Sleeping on your back (supine)
Place a pillow (or two) under the folds of your knees so that your knees are at a level slightly higher than your pelvis. This position reduces the pressure on the lower back. Increased pressure on the lower back can lead to pain and disc degeneration which can interfere with sleep as well as cause daytime discomfort.
Sleeping on your side
Place a pillow under your head to ensure that your neck is well supported and roughly parallel with the mattress. Lie on your chosen side with knees slightly bent (about 70 degrees) and a pillow placed between them. This again relieves pressure on the lower back. To prevent cramps and pins and needles, lay your lower arm out straight. For the upper arm, place a pillow next to your tummy and rest your hand on top of it. This prevents stress on the shoulder joint by keeping the arm slightly raised. And yes, you may need to buy more pillows.
Menopause muscle pain
Sometimes, aches and muscle pain are put down to the menopause itself rather than any condition in particular. Talk to your doctor, as there are a number of things you can do to help.
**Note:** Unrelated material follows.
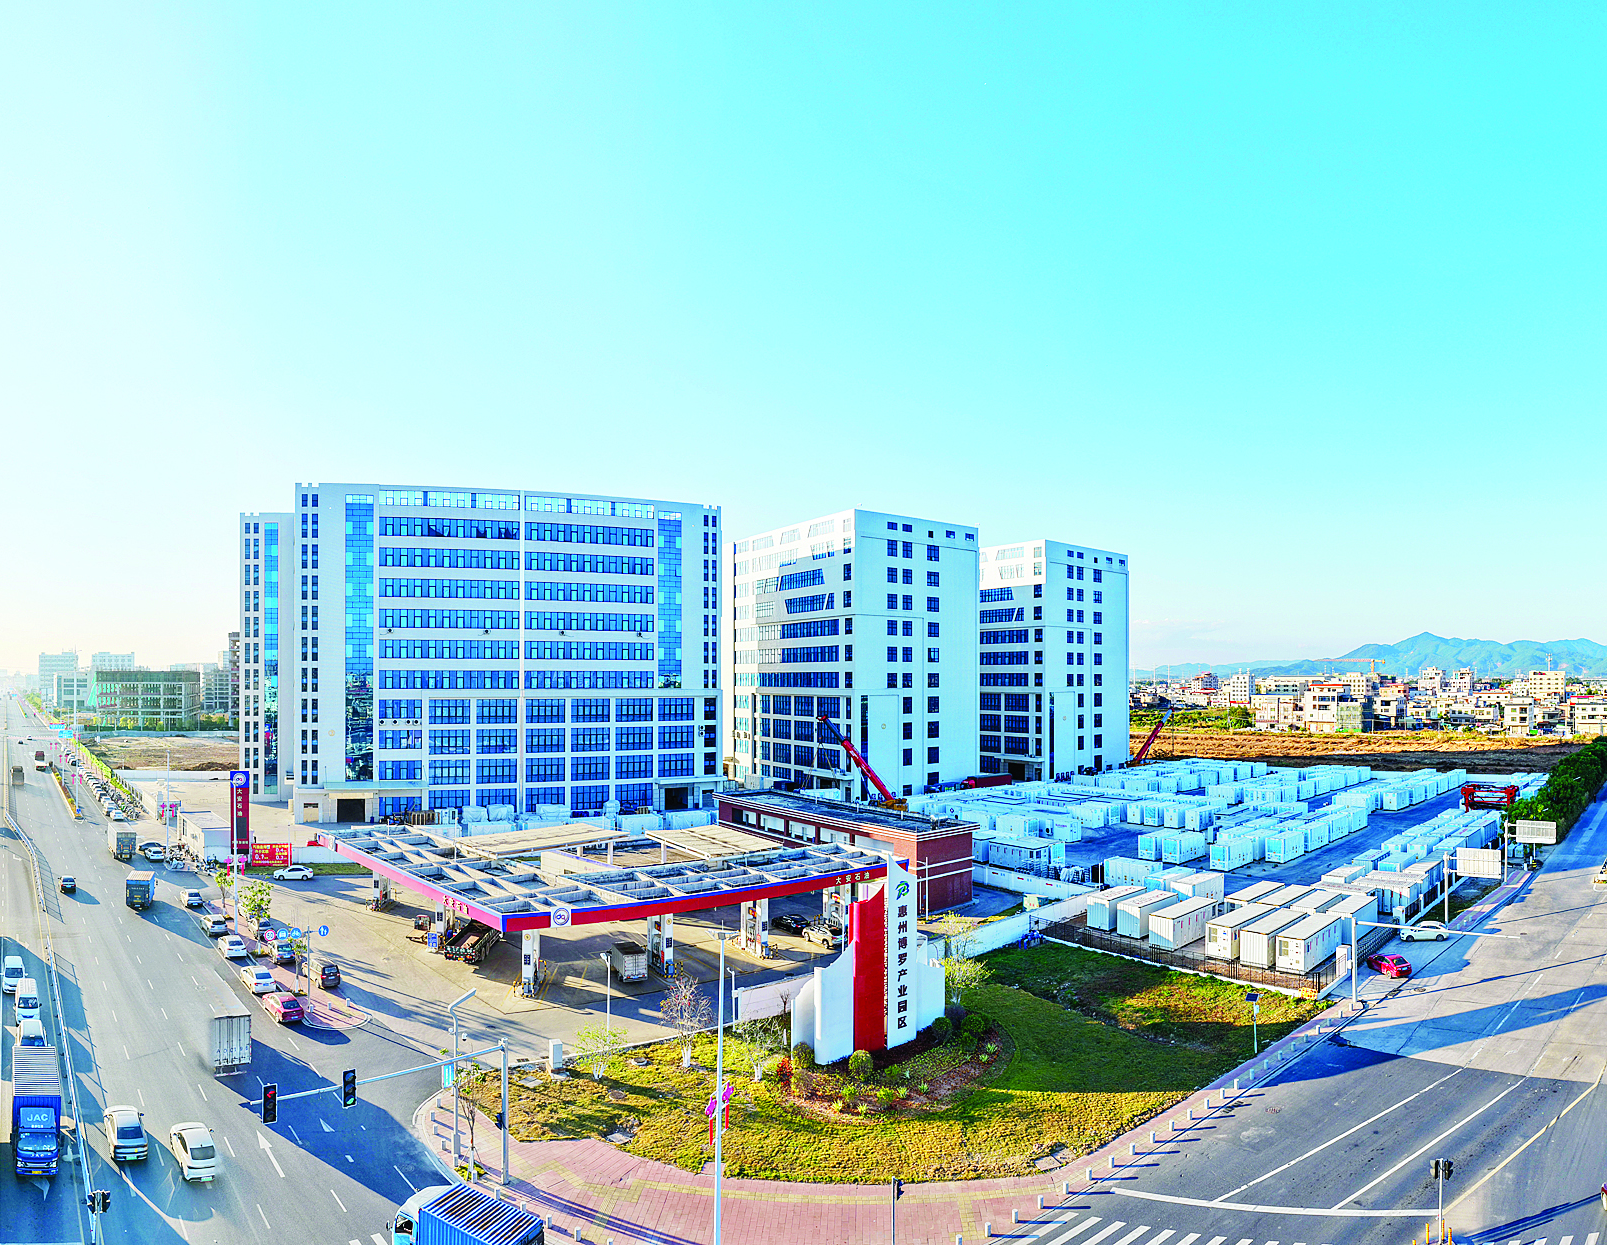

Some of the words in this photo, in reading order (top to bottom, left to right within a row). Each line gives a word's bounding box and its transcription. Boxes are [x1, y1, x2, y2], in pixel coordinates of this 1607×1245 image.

A generally healthy lifestyle is always important and can help with many different types of pain. Think about a healthy diet, exercise, maintaining a healthy weight and stopping smoking.
Some women find hormone replacement therapy (HRT) helpful in treating the general aches and menopause muscle pain, however scientific evidence for this is limited. HRT has been shown to help tackle symptoms that can contribute to pain, including poor sleep and mood changes. Read more about the HRT debate here
Muscle pain and spasm are common in menopause and yet can be a complex problem to solve. If you are experiencing any pain which does not resolve after a couple of weeks or spasms which keep happening, talk to your doctor. They will be able to help you find out the cause for your symptoms and ensure that you get the treatment you need.